Truthfulness in Agile

I believe in Agile. To the best of my knowledge and based on my experience, Agile methods are the best way for teams, organizations and communities to get stuff done. Doesn’t mean it’s easy though! The biggest challenge of Agile is in the need for truthfulness.

Most of us live and work in environments where the truth is not totally welcome. Maybe it’s “little white lies”. Maybe it’s hiding behind the raw facts. Maybe it’s withholding information. Maybe it’s exaggeration. Maybe it’s “rose colored glasses”. Maybe it’s self-preservation. Maybe it’s getting attention. Maybe it’s lack of confidence or over-confidence. Truthfulness is compromised on a regular basis in most work environments and in most interpersonal relationships.

Agile methods have several powerful benefits. To get those benefits, agile needs to be done right. To do agile right, requires truthfulness.

Why does agile require truthfulness? Because agile methods have fewer checks and balances, fewer gating points, far fewer bureaucratic procedures, than other methods. This lack of safety mechanisms means that it is possible to subvert a team using an agile method more easily than it is to subvert a high-ceremony, high-rigor, high-paperwork type method.

That said, there are


mechanisms in agile that promote visibility. Visibility is different than truthfulness. Visibility is promoted through the frequent demos, through the team status meetings, through the emphasis on having the team all in one room, through the insistence that the results need to speak for themselves (rather than having documentation do the talking), through the tracking of actual velocity, through the use of information radiators, etc. These are powerful tools. But all of them can be subverted.

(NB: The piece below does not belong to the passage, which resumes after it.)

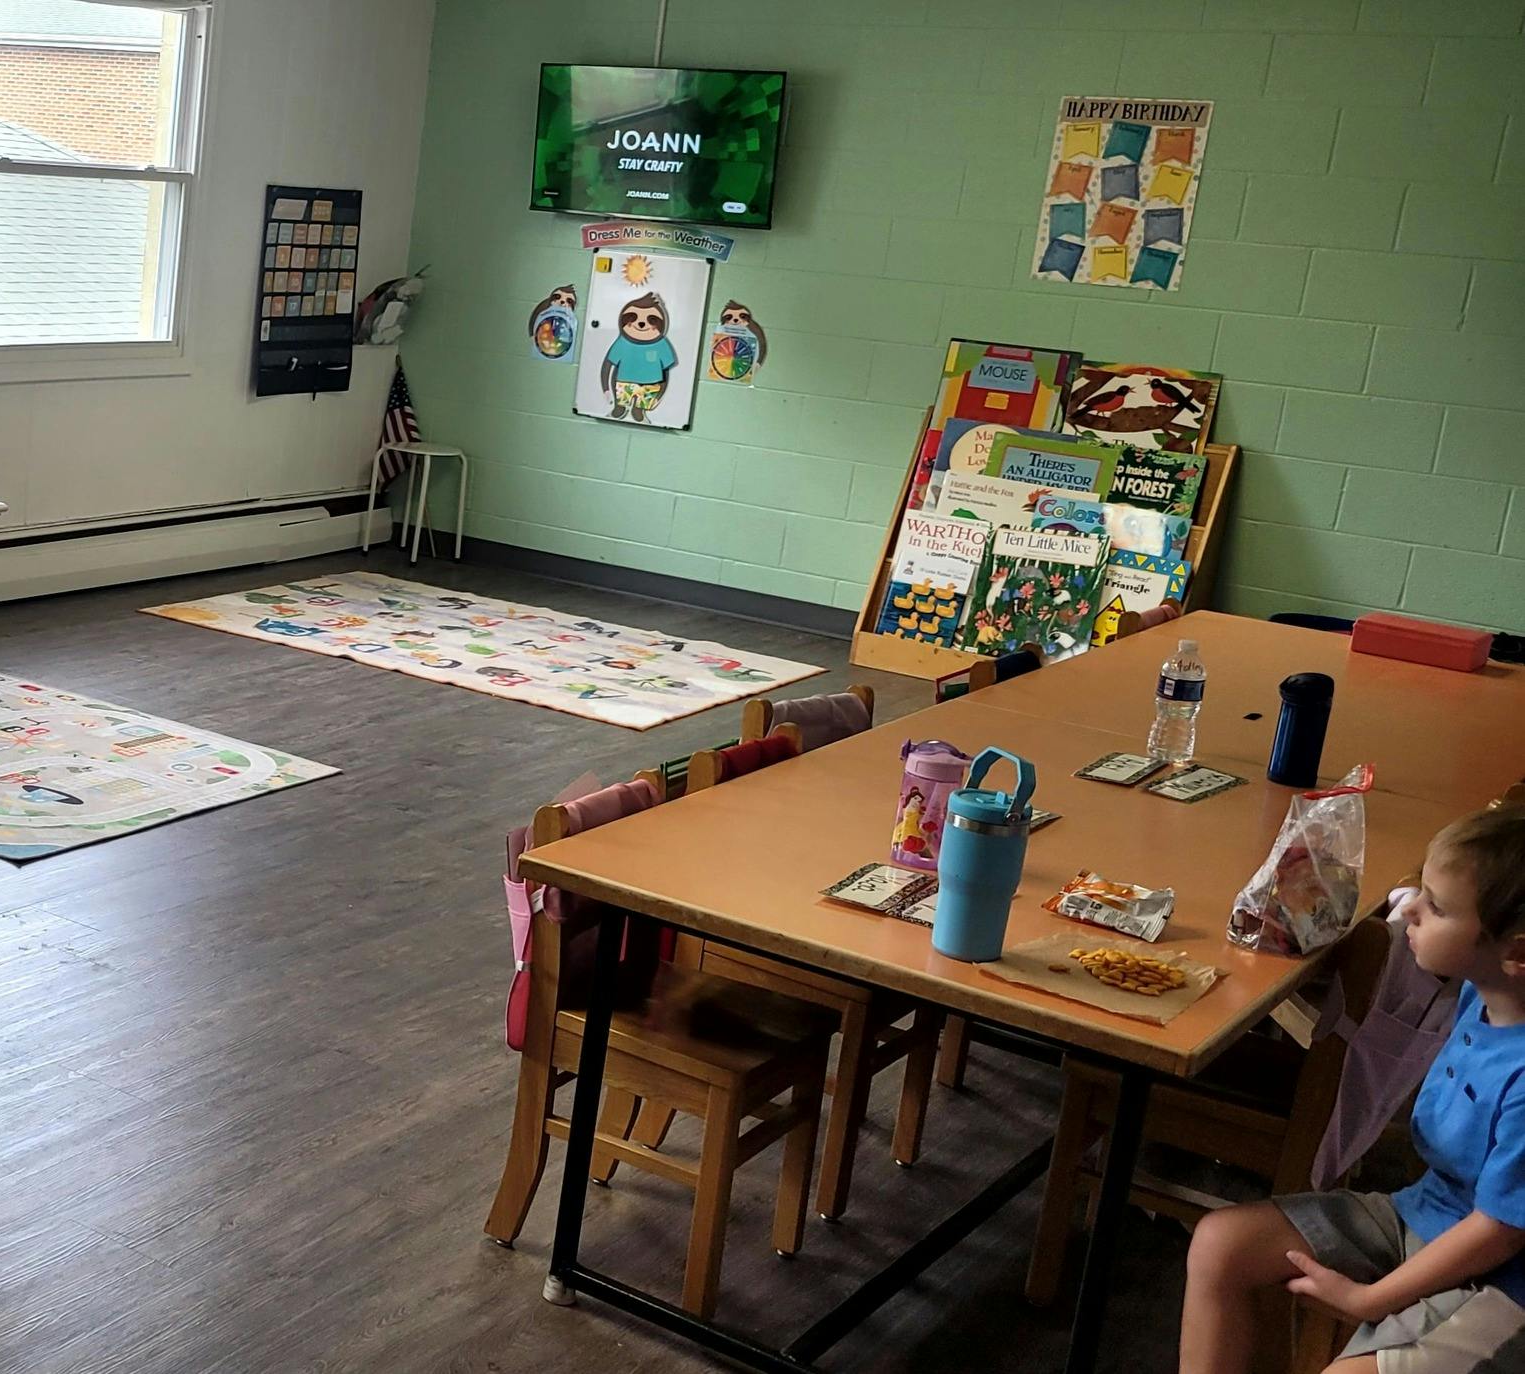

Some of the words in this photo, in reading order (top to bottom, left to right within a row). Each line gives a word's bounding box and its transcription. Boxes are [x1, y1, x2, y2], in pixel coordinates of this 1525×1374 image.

Here is a worst case scenario.

Someone on the team is frustrated or angry about something. This person, let’s call him Joe, decides he’s going to lash out. He starts by spreading some not-very-nice-nor-accurate gossip that gets the other team members to not trust each other as much. He then makes up some sort of technical risk factor and starts to inflate his estimates and convinces a couple other people to do so as well… just in case. The team’s velocity appears stable, but their actual output has decreased. The team is not yet mature enough in their interactions so these things are not mentioned in the retrospective. Joe gradually finds ways to demoralize everyone on the team. The team starts having more and more problems with code quality which slows it down. The process facilitator, Mary, notices these things. However, Joe was planning ahead. Joe has been talking with Mary to help her see how everyone else on the team is subverting the process, thus deflecting attention away from himself. Mary, also relatively new to her role, isn’t careful about checking facts and steps on some toes. Now she is almost powerless to influence the team to get it back on track… and the final blow comes as Joe starts raising obstacles in the daily status meeting that are “made up” and designed to be difficult if not impossible for Mary to help with thus solidifying her impotence in the minds of the rest of the team. Ug.

Is there any way out of this? Not really. Intervention is possible by an experienced coach, but not guaranteed to succeed. The best thing to do is probably to disband the team get an expert retrospective facilitator in to try and extract some of lessons, and then try again with a new team.

What else could be done? Is there a specific intervention that could be performed given that we don’t know that Joe is behind it all? Could this really happen in an agile environment?